Her liturgical feast was inserted into the General Roman Calendar in 1729 for celebration initially on 30 August, because 24 August, the date of her death, is the feast of Saint Bartholomew the Apostle and 30 August was the closest date not already allocated to a well-known saint. Pope Paul VI's 1969 revision of the calendar made 23 August available, the day on which her feast day is now celebrated throughout the world, including Spain, but excluding Peru and some other Latin American countries, where 30 August is a public holiday in her honor.

Early lives of Rosa were written by the Dominican Father Hansen, "Vita Sanctae Rosae" (2 vols., Rome, 1664–1668), and Vicente Orsini, afterward. Pope Benedict XIII wrote "Concentus Dominicano, Bononiensis ecclesia, in album Sanctorum Ludovici Bertrandi et Rosae de Sancta Maria, ordinero praedicatorum" (Venice, 1674).

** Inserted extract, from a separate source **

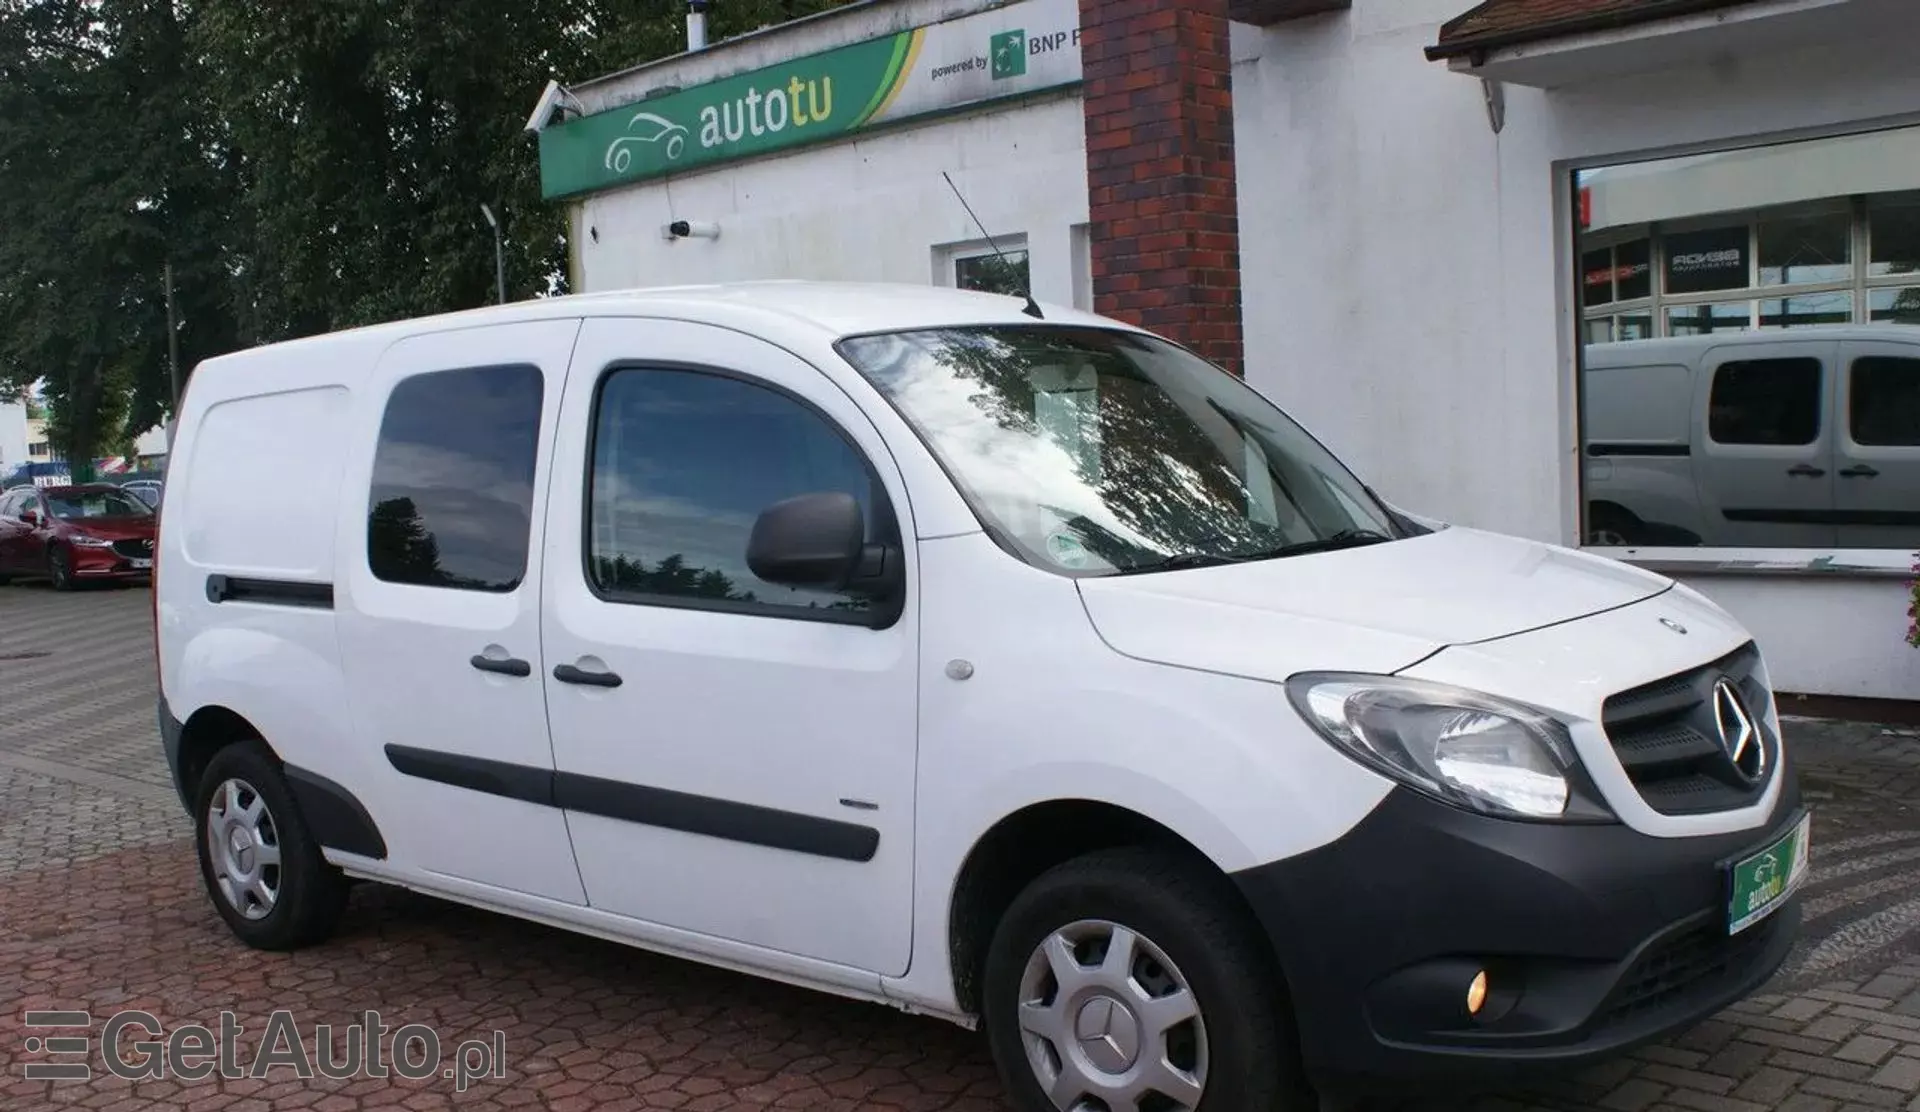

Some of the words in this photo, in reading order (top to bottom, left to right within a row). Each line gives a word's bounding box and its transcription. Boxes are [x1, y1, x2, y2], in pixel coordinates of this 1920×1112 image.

[1029, 32, 1066, 55] BNP
[931, 58, 973, 80] powered
[976, 55, 988, 70] by
[700, 76, 831, 148] autotu
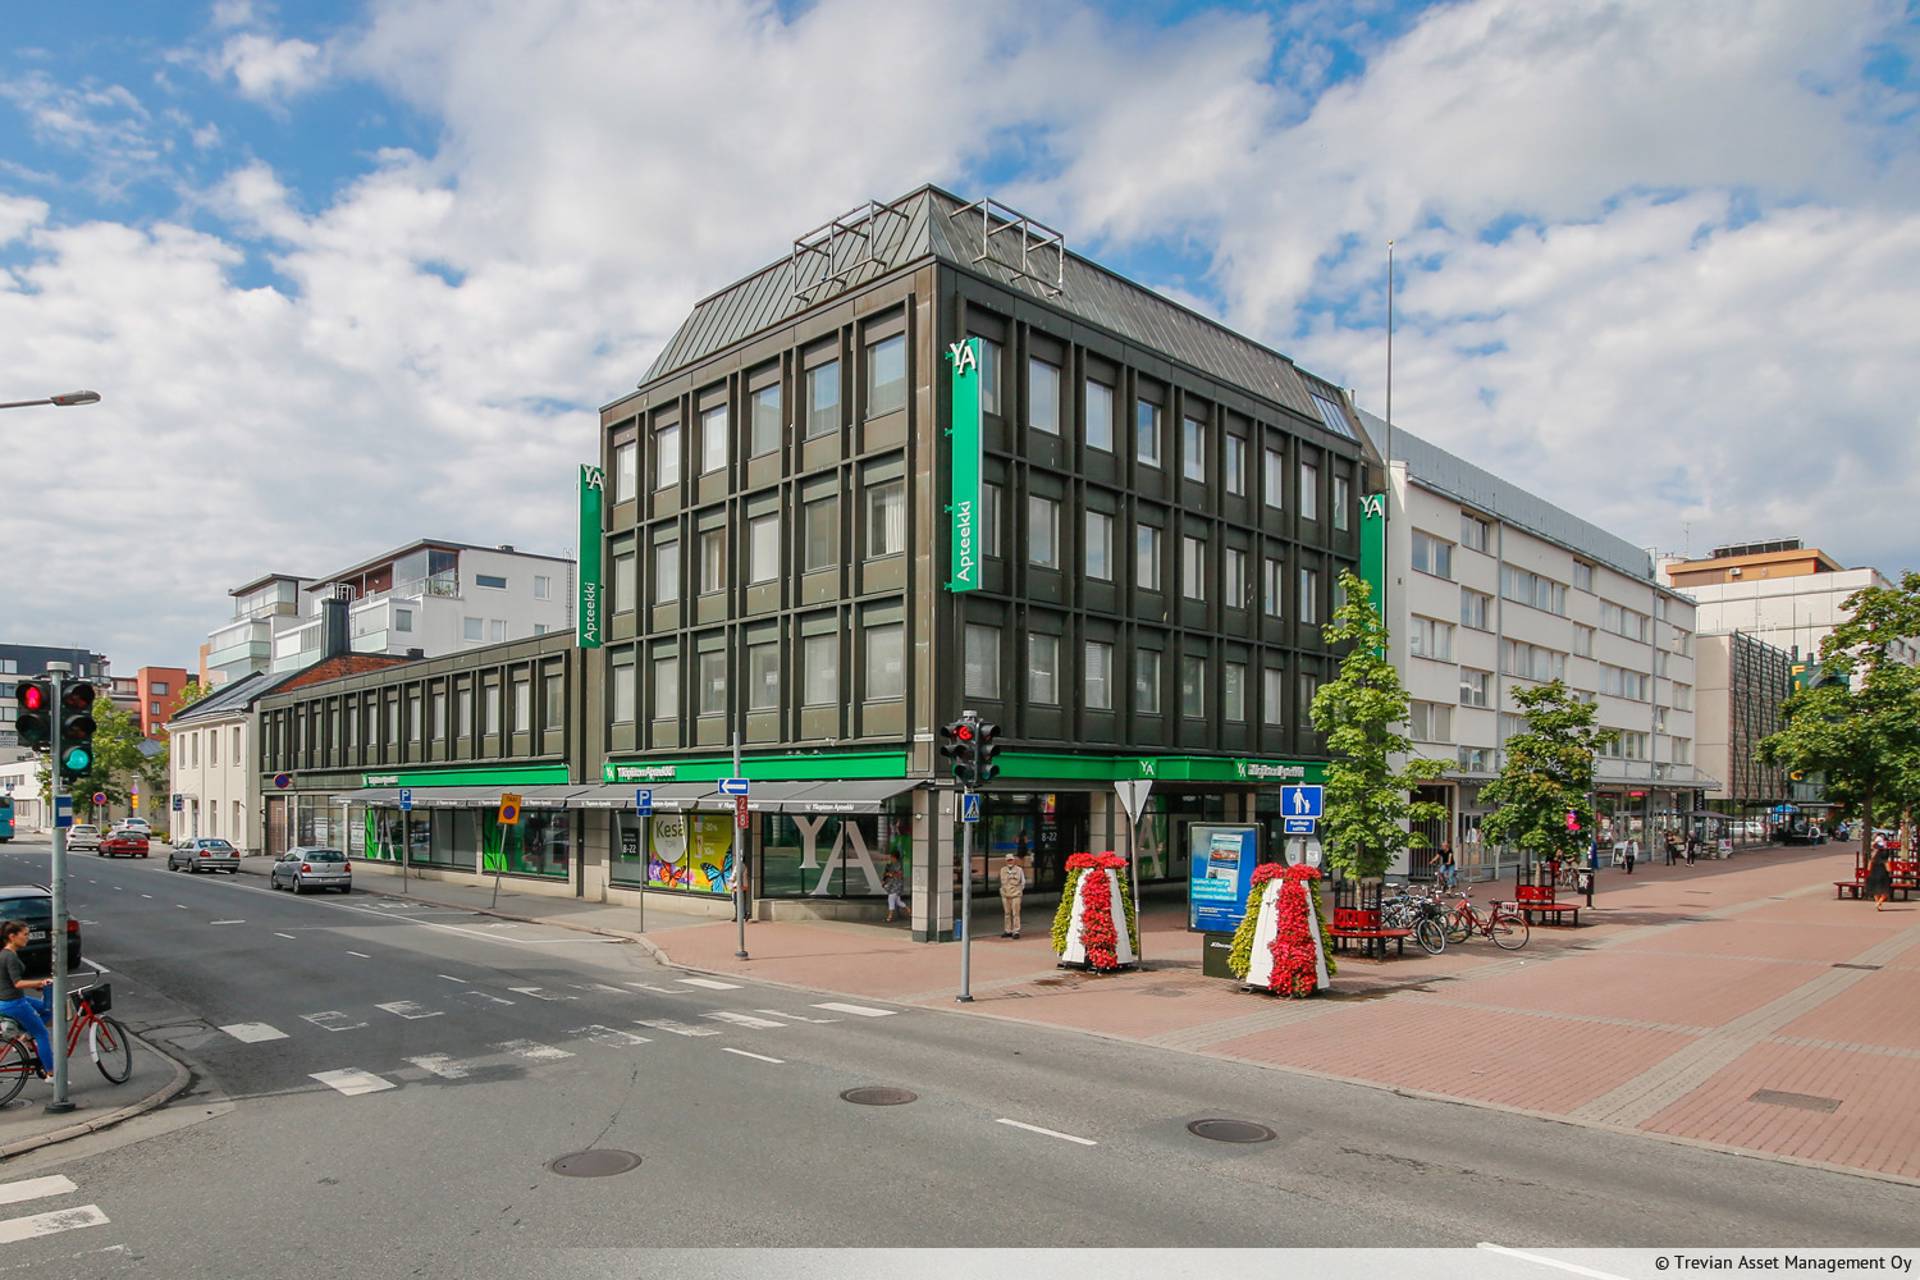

There is a park named for her in downtown Sacramento, California. A plot of land at 7th and K streets was given to the Catholic Church by Peter Burnett, first Governor of the State of California. Father Peter Anderson built one of the first of two churches in the diocese to be consecrated under the patronage of St. Rose.

In the Caribbean twin-island state of Trinidad and Tobago, the Santa Rosa Carib Community, located in Arima, is the largest organization of indigenous peoples on the island. The second oldest parish in the Diocese of Port of Spain is also named after this saint. The Santa Rosa Church, which is located in the town of Arima, was established on 20 April 1786, as the Indian Mission of Santa Rosa de Arima, on the foundations of a Capuchin Mission previously established in 1749.

On the Caribbean Island of Saint Lucia, there are two flower festivals supported by their Societies. Each society has a patron saint on whose feast day the grande fete is celebrated. For the Roses, it is the feast of St. Rose of Lima on 30 August; and for the Marguerites, it is that of St. Margaret Mary Alacoque, 17 October.

Rose's skull, surmounted with a crown of roses, is on public display at the Basilica in Lima, Peru, along with that of Martin de Porres. It was customary to keep the torso in the basilica and pass the head around the country.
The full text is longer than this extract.